**Records for processing**
========

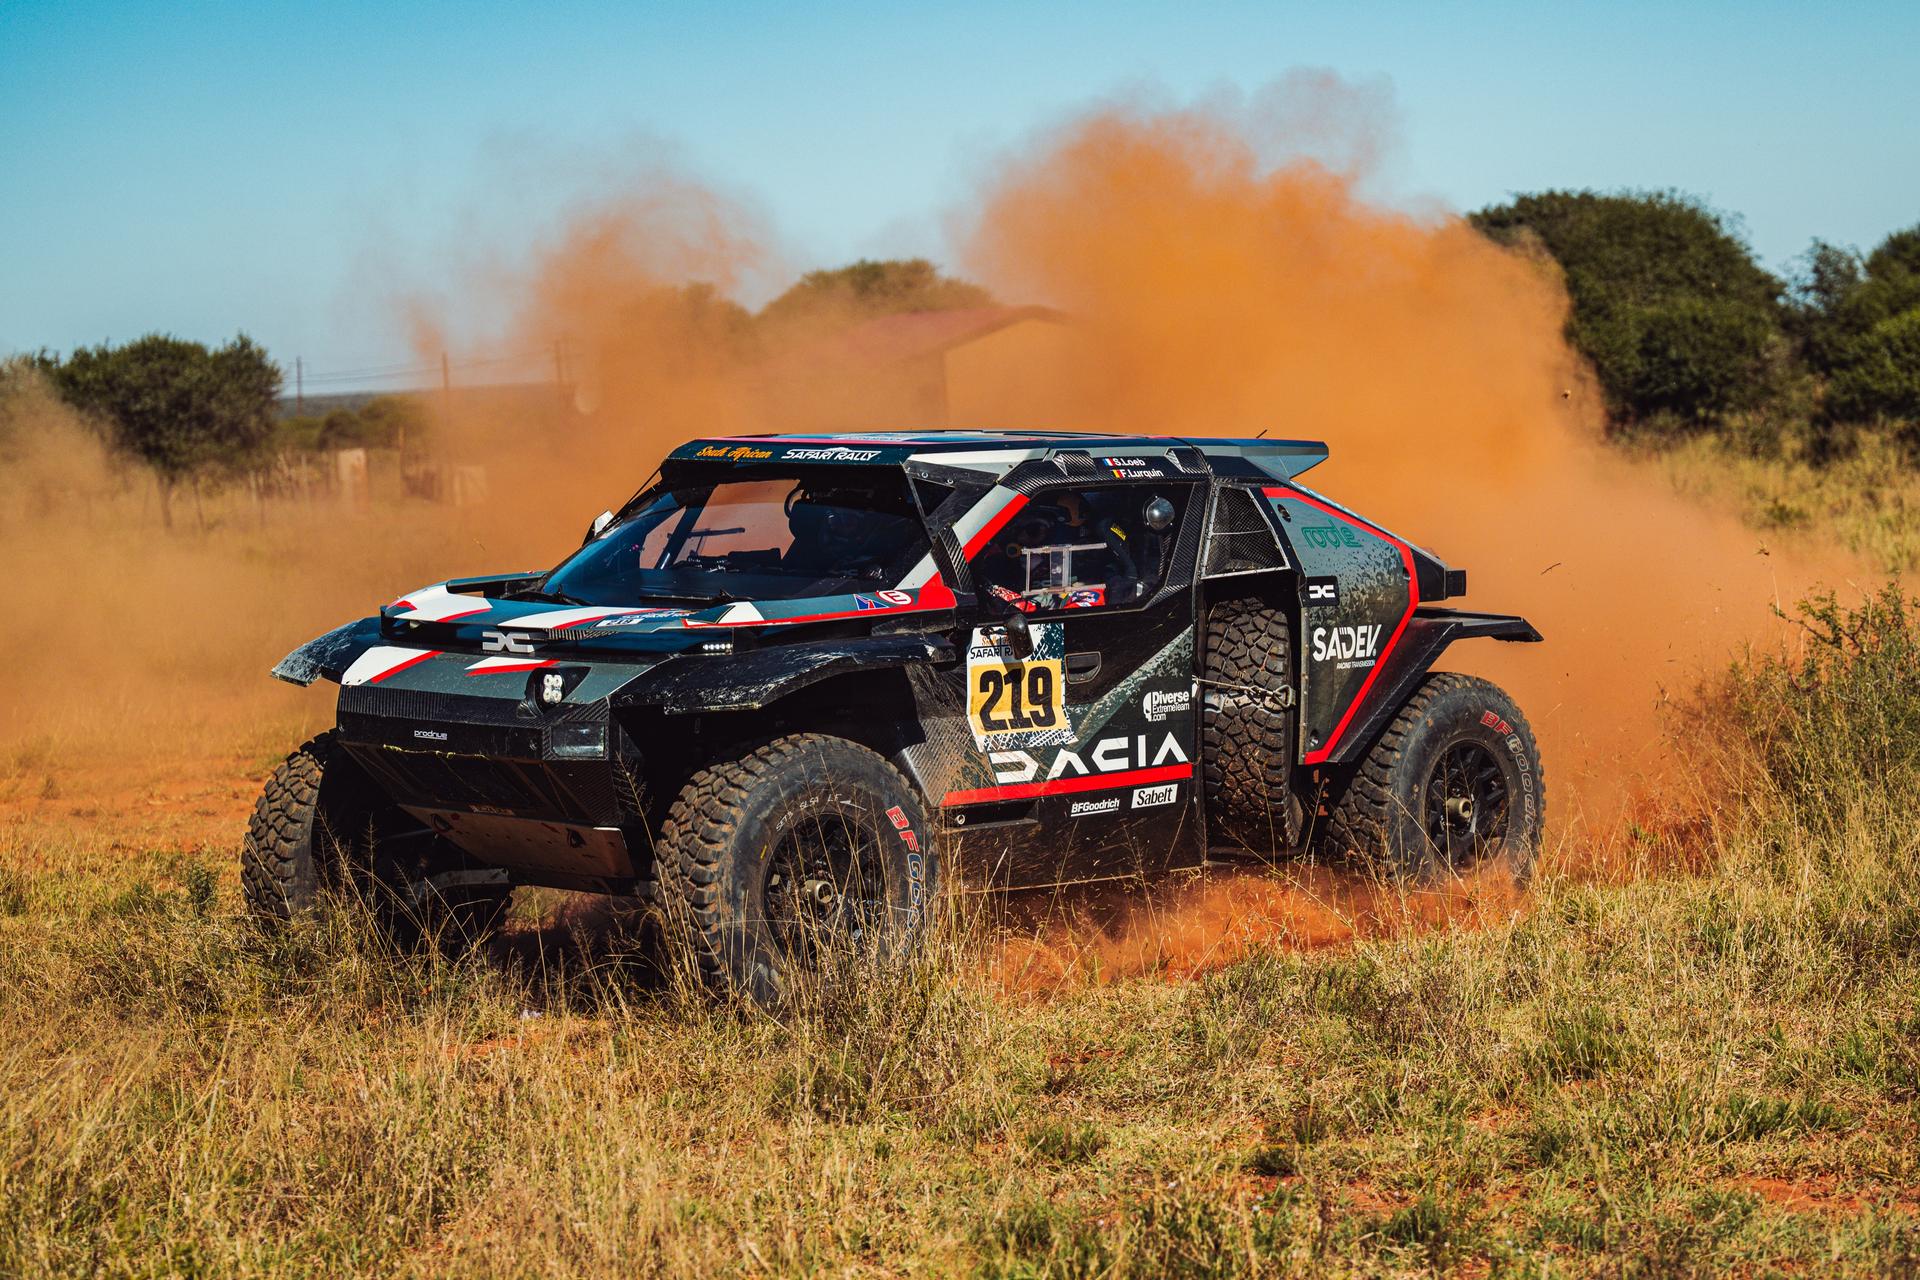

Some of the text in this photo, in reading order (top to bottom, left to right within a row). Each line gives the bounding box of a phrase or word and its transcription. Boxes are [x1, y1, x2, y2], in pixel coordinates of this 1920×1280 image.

========

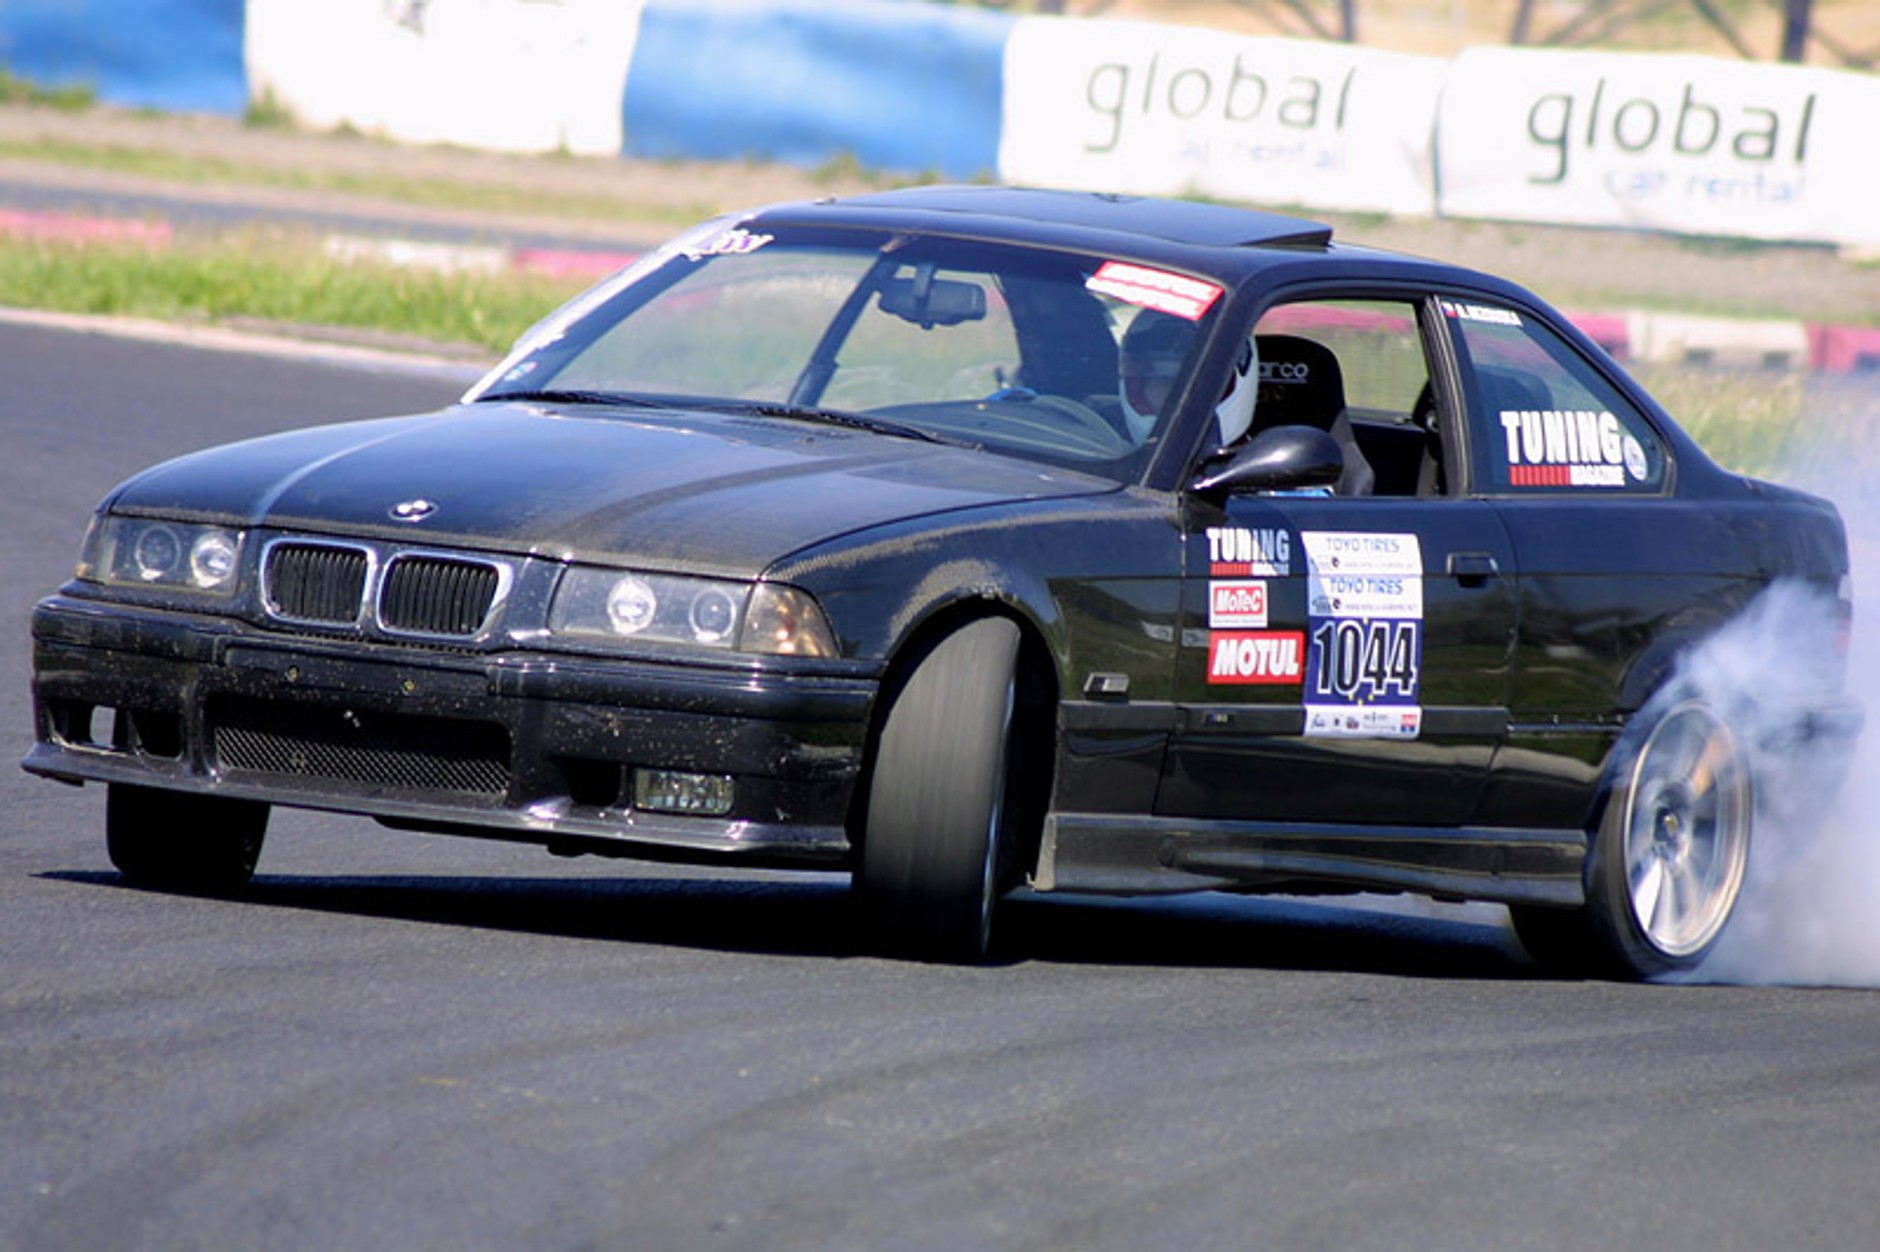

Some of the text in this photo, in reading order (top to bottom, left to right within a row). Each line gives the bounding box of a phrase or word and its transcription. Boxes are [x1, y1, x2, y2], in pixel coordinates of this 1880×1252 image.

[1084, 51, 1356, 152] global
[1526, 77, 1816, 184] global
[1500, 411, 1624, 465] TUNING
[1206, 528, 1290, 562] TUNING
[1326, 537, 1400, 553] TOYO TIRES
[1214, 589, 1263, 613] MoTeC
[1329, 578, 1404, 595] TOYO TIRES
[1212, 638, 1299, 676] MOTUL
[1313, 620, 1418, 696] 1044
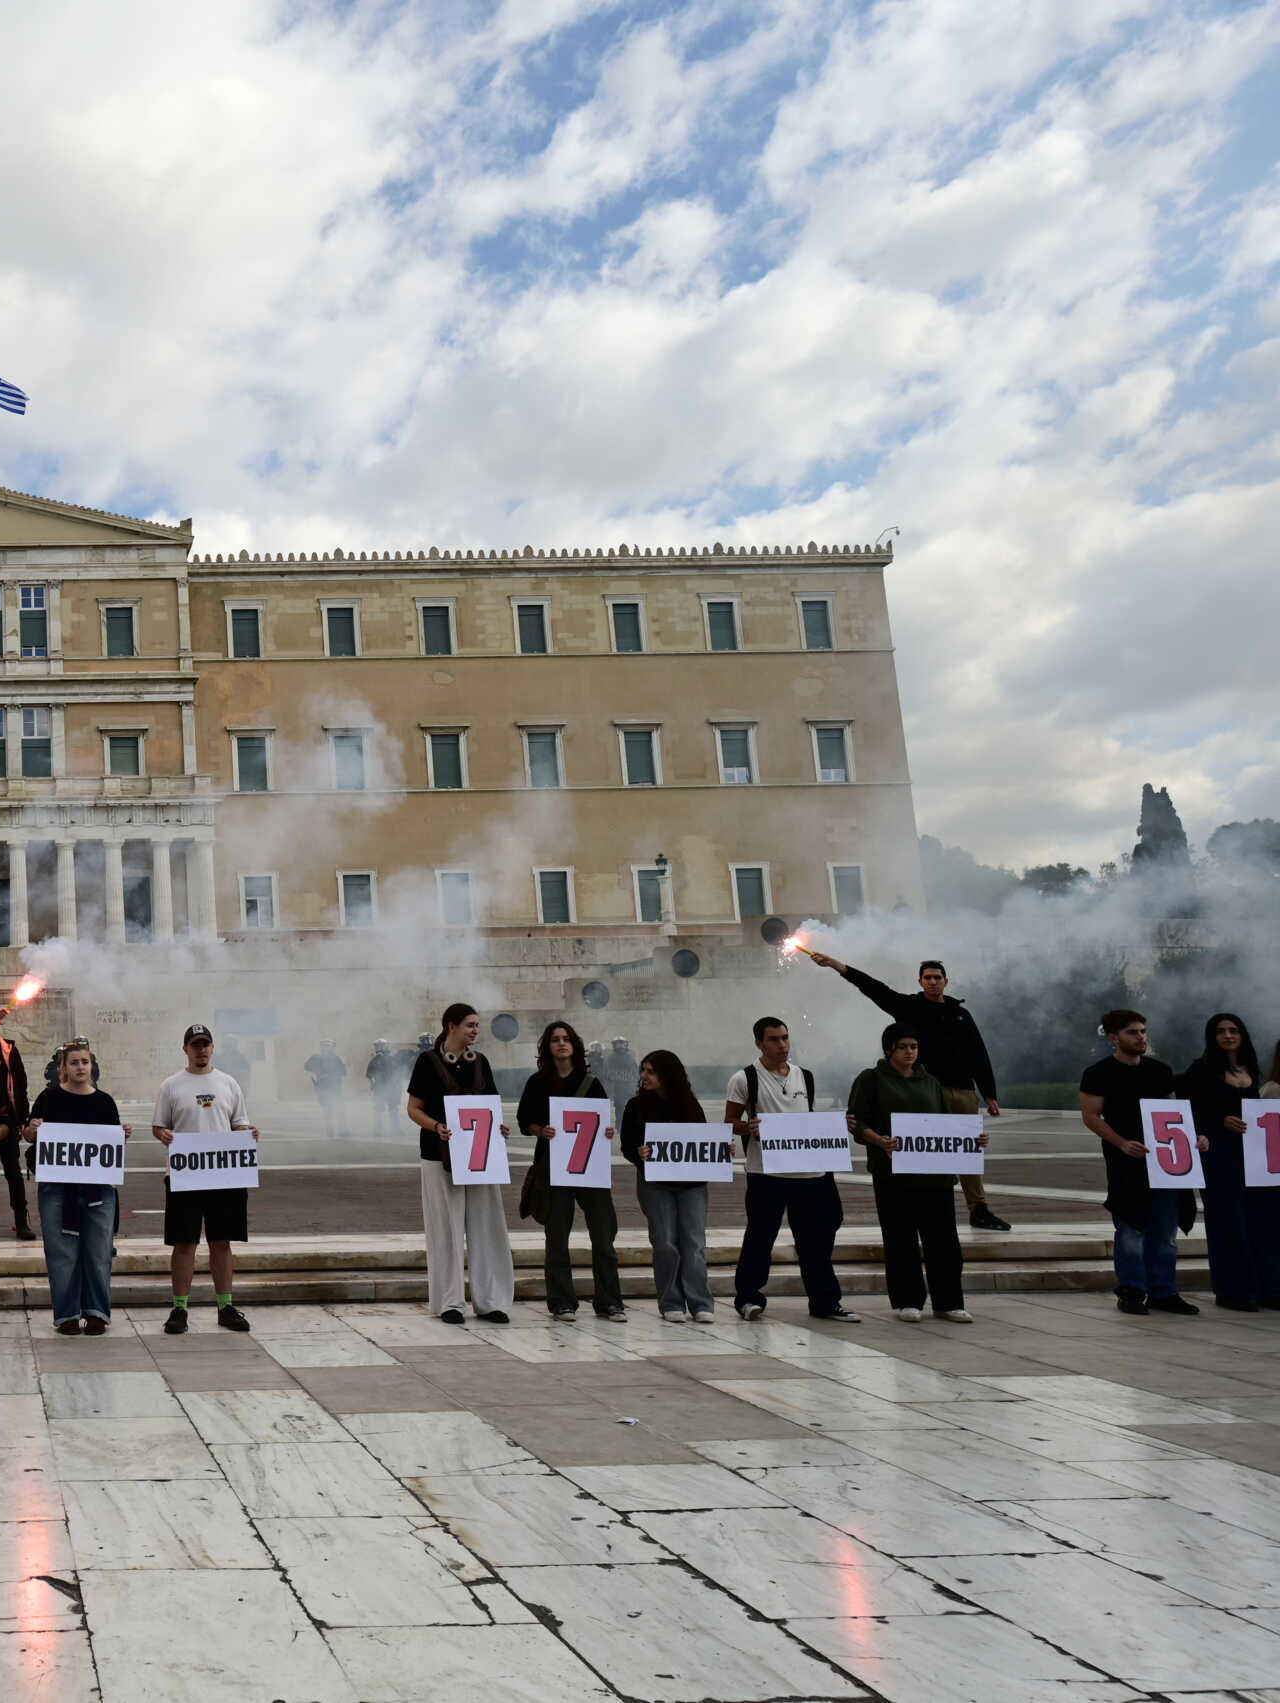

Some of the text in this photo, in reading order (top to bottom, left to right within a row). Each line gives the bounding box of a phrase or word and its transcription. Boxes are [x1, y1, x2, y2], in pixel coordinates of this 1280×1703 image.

========

**Your goal**
From the listing above, please give again the lines that begin with the line holding "this 1880×1252 image." and go on through the line holding "this 1280×1703 image.", exactly, both ends included, minus any picture.

**Response box**
Some of the text in this photo, in reading order (top to bottom, left to right within a row). Each line gives the bounding box of a phrase or word and its transcription. Boxes are [x1, y1, x2, y2], in pixel coordinates of this 1880×1252 image.

[1084, 51, 1356, 152] global
[1526, 77, 1816, 184] global
[1500, 411, 1624, 465] TUNING
[1206, 528, 1290, 562] TUNING
[1326, 537, 1400, 553] TOYO TIRES
[1214, 589, 1263, 613] MoTeC
[1329, 578, 1404, 595] TOYO TIRES
[1212, 638, 1299, 676] MOTUL
[1313, 620, 1418, 696] 1044

Some of the text in this photo, in reading order (top to bottom, left to right within a row). Each line gives the bounding box of a phrase or word and its transcription. Boxes are [x1, y1, x2, y2], in pixel coordinates of this 1280×1703 image.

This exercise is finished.